7. The sixth and last difficulty, and perhaps the greatest of all, arises from this, that our opinions on religious subjects are commonly formed, not indeed before we read the Scriptures, but before we have examined them. The ordinary consequence is, that men afterward do not search the sacred oracles in order to find out the truth, but in order to find what may authorize their own opinions. Nor is it, indeed, otherwise to be accounted for, that the several partisans of such an endless variety of adverse sects (although men who, on other subjects, appear neither weak nor unfair in their researches) should all with so much confidence maintain, that the dictates of holy writ are perfectly decisive in support of their favorite dogmas, and in opposition to those of every antagonist. Nor is there, in the whole history of mankind, a clearer demonstration than this, of the amazing power of prejudice and prepossession.

It may be said, that interest often warps men's judgment, and gives them a bias toward that side of a question in which they find their account; nay, it may even be urged further, that, in cases in which it has no influence on the head, it may seduce the heart, and excite strenuous combatants in defence of a system which they themselves do not believe. I acknowledge that these suppositions are not of things impossible. Actual instances may be found of both. But, for the honor of human nature, I would wish to think that those of the second class now mentioned are far from being numerous. But, whatever be in this, we certainly have, in cases wherein interest is entirely out of the question, nay, wherein it appears evidently on the opposite side, irrefragable proofs of the power of prepossession, insomuch that one would almost imagine that, in matters of opinion, as in matters of property, a right were constituted merely by preoccupancy. This serves also to account, in part, for the great diversity of sentiments in regard to the sense of Scripture, without recurring to the common plea of the Romanists, its obscurity and ambiguity.
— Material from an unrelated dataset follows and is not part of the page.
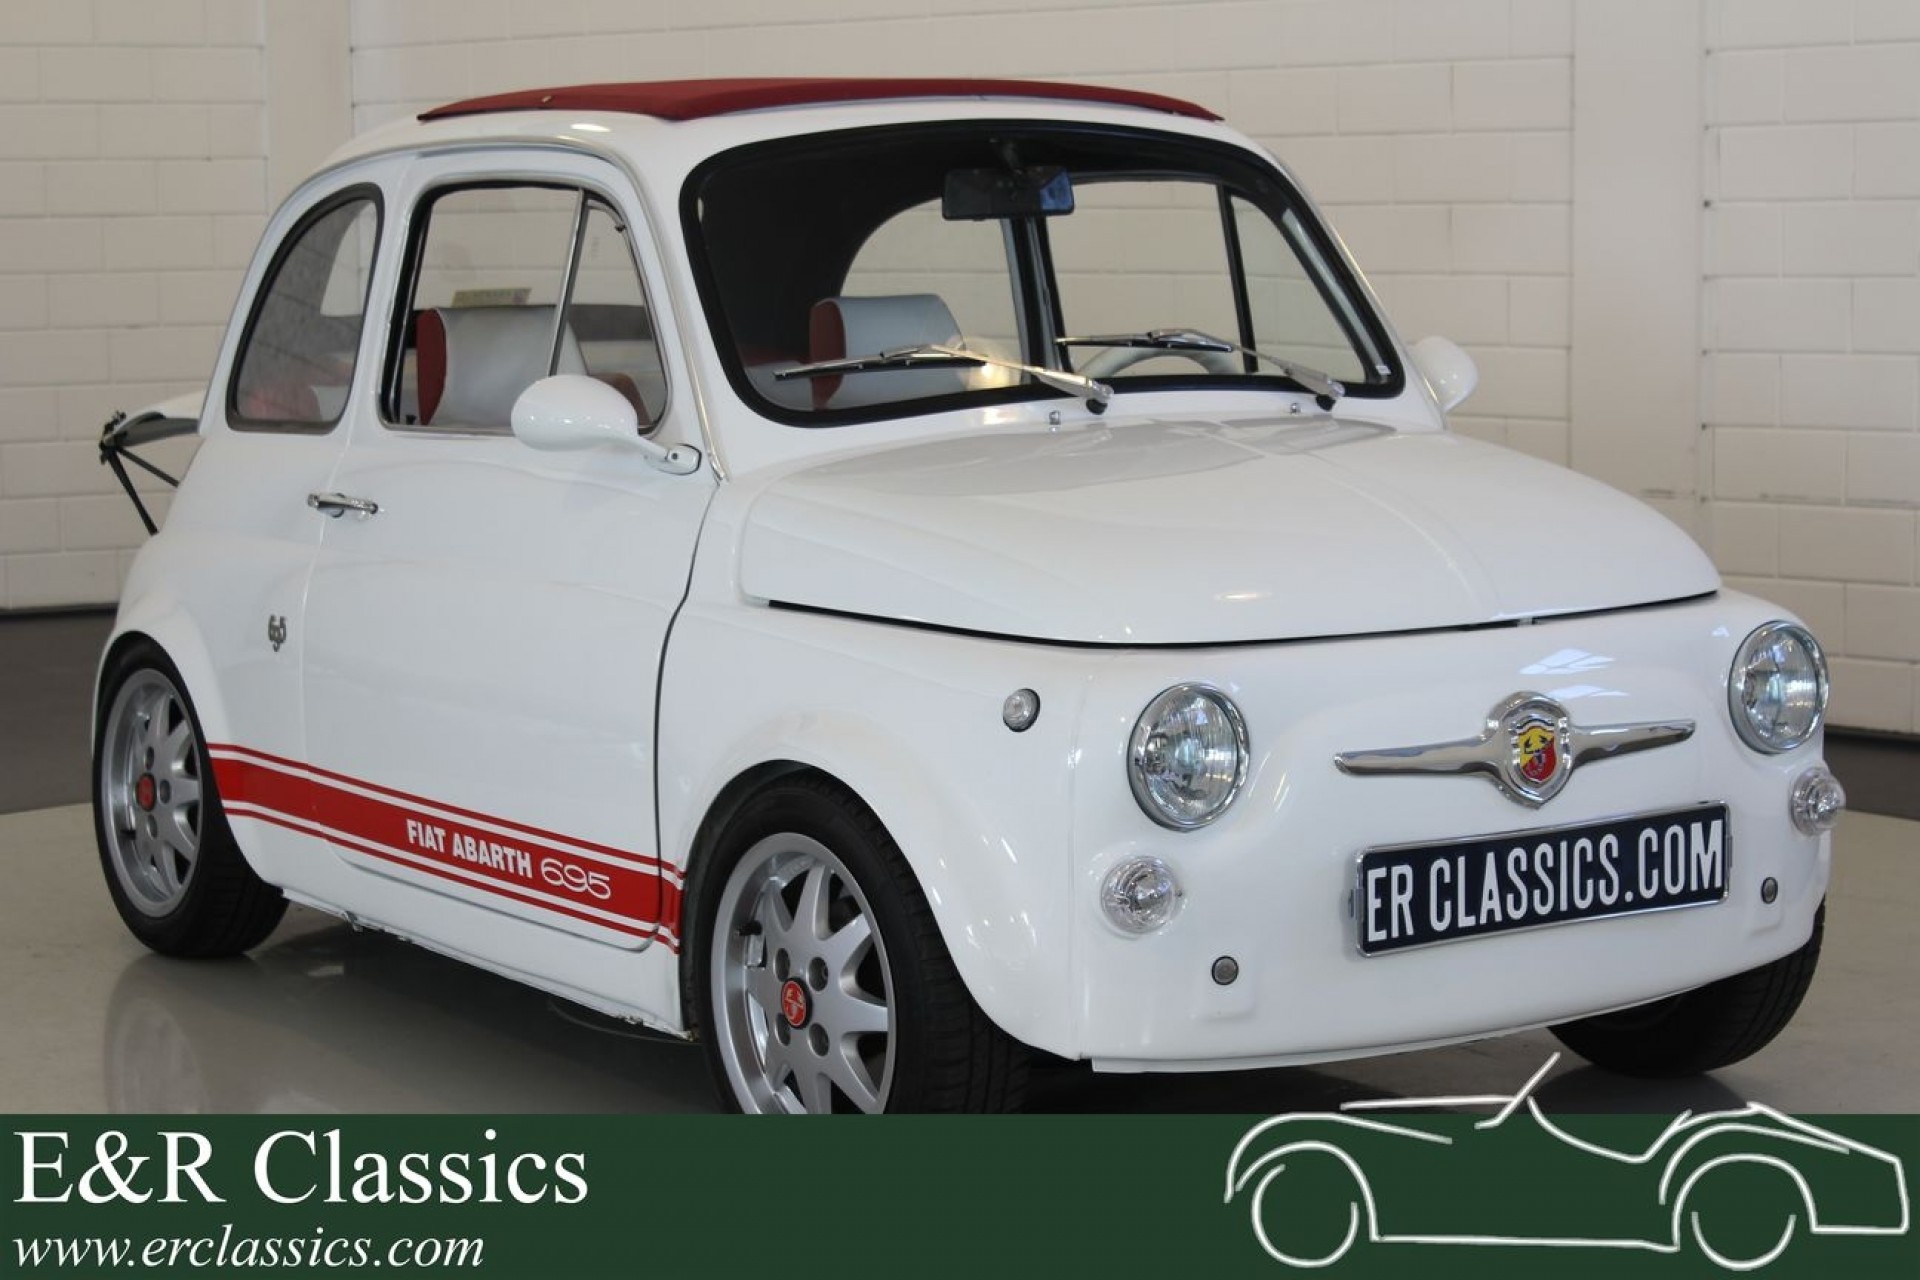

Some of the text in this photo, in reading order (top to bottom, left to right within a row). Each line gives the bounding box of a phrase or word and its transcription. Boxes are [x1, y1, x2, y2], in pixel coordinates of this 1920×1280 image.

8. Thus the principal difficulties to be encountered in the study of biblical criticism are six, arising 1st, from the singularity of Jewish customs; 2dly, from the poverty (as appears) of their native language; 3dly, from the fewness of the books extant in it; 4thly, from the symbolical style of the prophets; 5thly, from the excessive influence which a previous acquaintance with translations may have occasioned; and, 6thly, from prepossessions, in what way soever acquired, in regard to religious tenets.